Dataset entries
------------------------------------

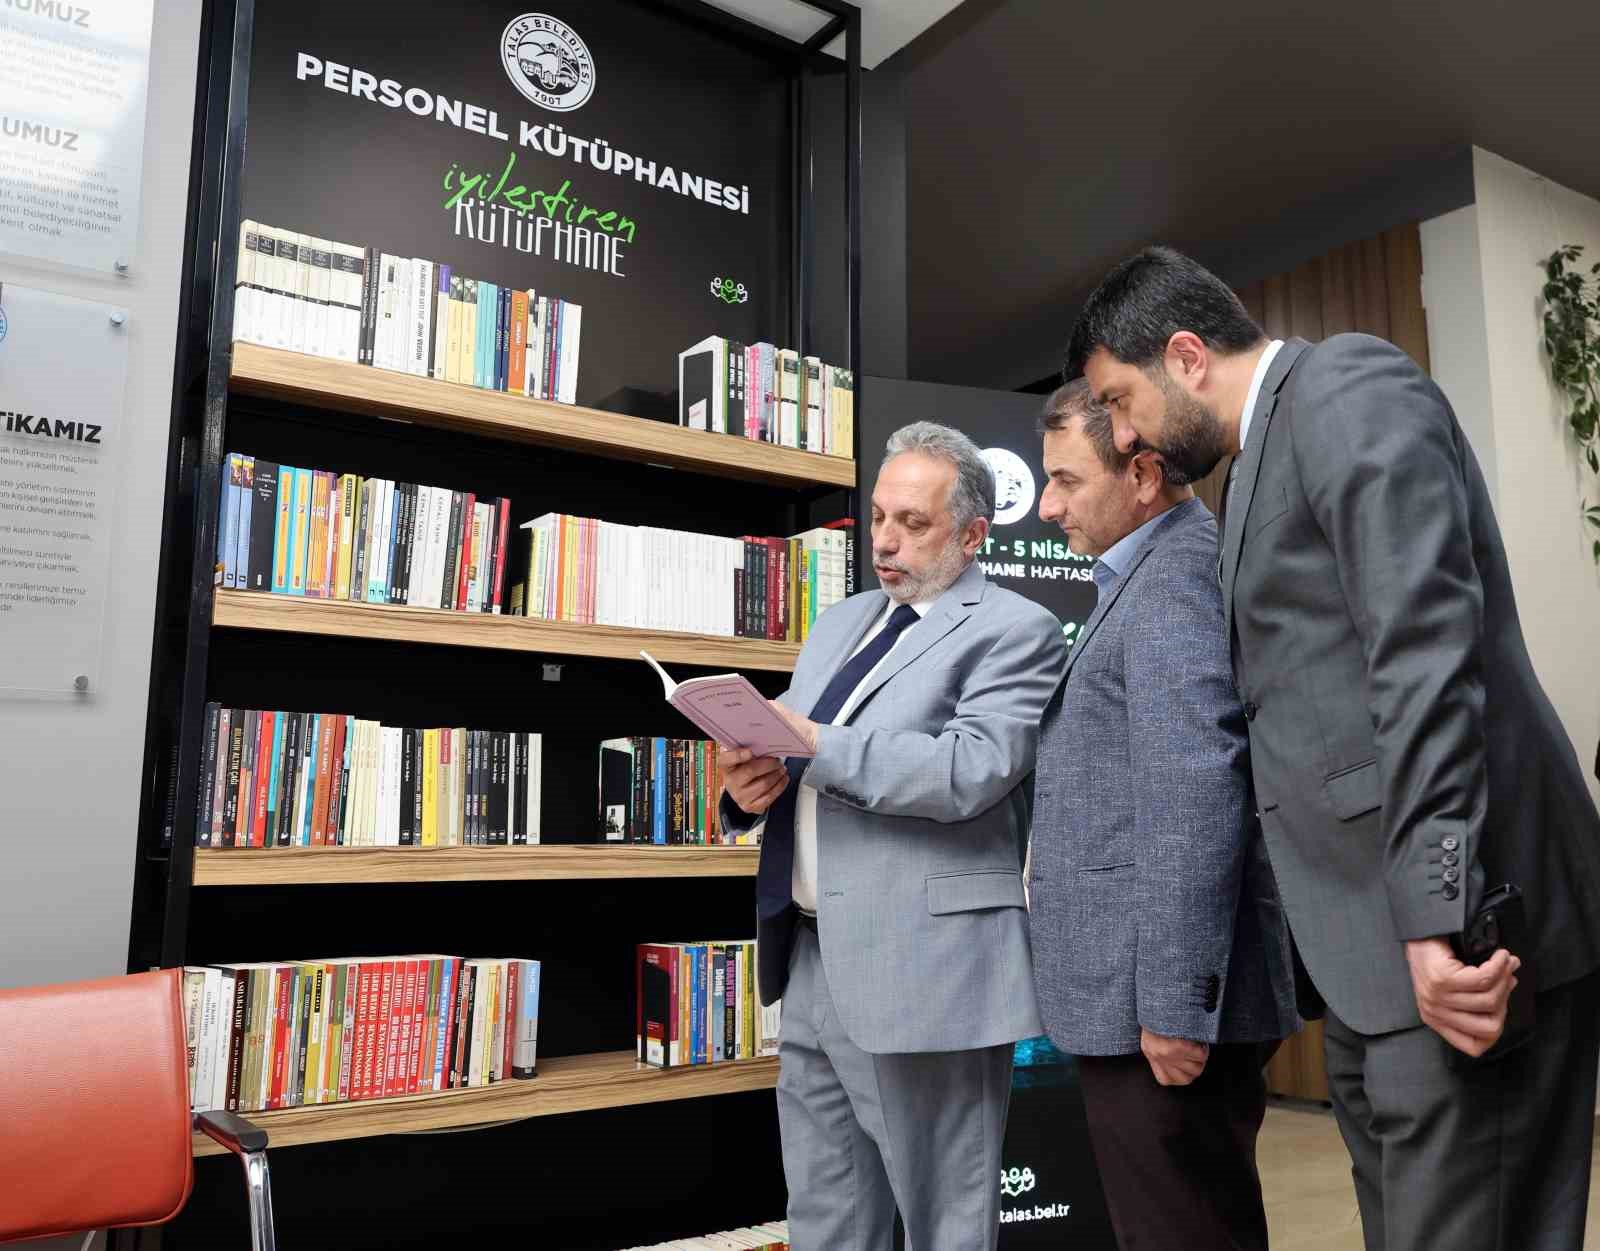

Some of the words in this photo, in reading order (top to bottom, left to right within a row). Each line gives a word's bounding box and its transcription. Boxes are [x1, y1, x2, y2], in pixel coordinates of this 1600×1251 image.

[5, 0, 91, 29] UMUZ
[507, 21, 529, 59] TALAS
[533, 90, 561, 106] 1907
[296, 52, 509, 142] PERSONEL
[519, 120, 750, 216] KÜTÜPHANESİ
[443, 151, 637, 244] iyileştiren
[454, 196, 626, 278] KÜTÜPHANE
[1013, 540, 1026, 557] 5
[978, 561, 1026, 578] HANE
[1030, 565, 1094, 582] HAFTASI

------------------------------------

| WHAT NEEDS TO BE DONE |
Omitting the images, transcribe every record exactly.

| TASK ANSWER |
Some of the words in this photo, in reading order (top to bottom, left to right within a row). Each line gives a word's bounding box and its transcription. Boxes are [x1, y1, x2, y2], in pixel coordinates of this 1600×1251 image.

[5, 0, 91, 29] UMUZ
[507, 21, 529, 59] TALAS
[533, 90, 561, 106] 1907
[296, 52, 509, 142] PERSONEL
[519, 120, 750, 216] KÜTÜPHANESİ
[443, 151, 637, 244] iyileştiren
[454, 196, 626, 278] KÜTÜPHANE
[1013, 540, 1026, 557] 5
[978, 561, 1026, 578] HANE
[1030, 565, 1094, 582] HAFTASI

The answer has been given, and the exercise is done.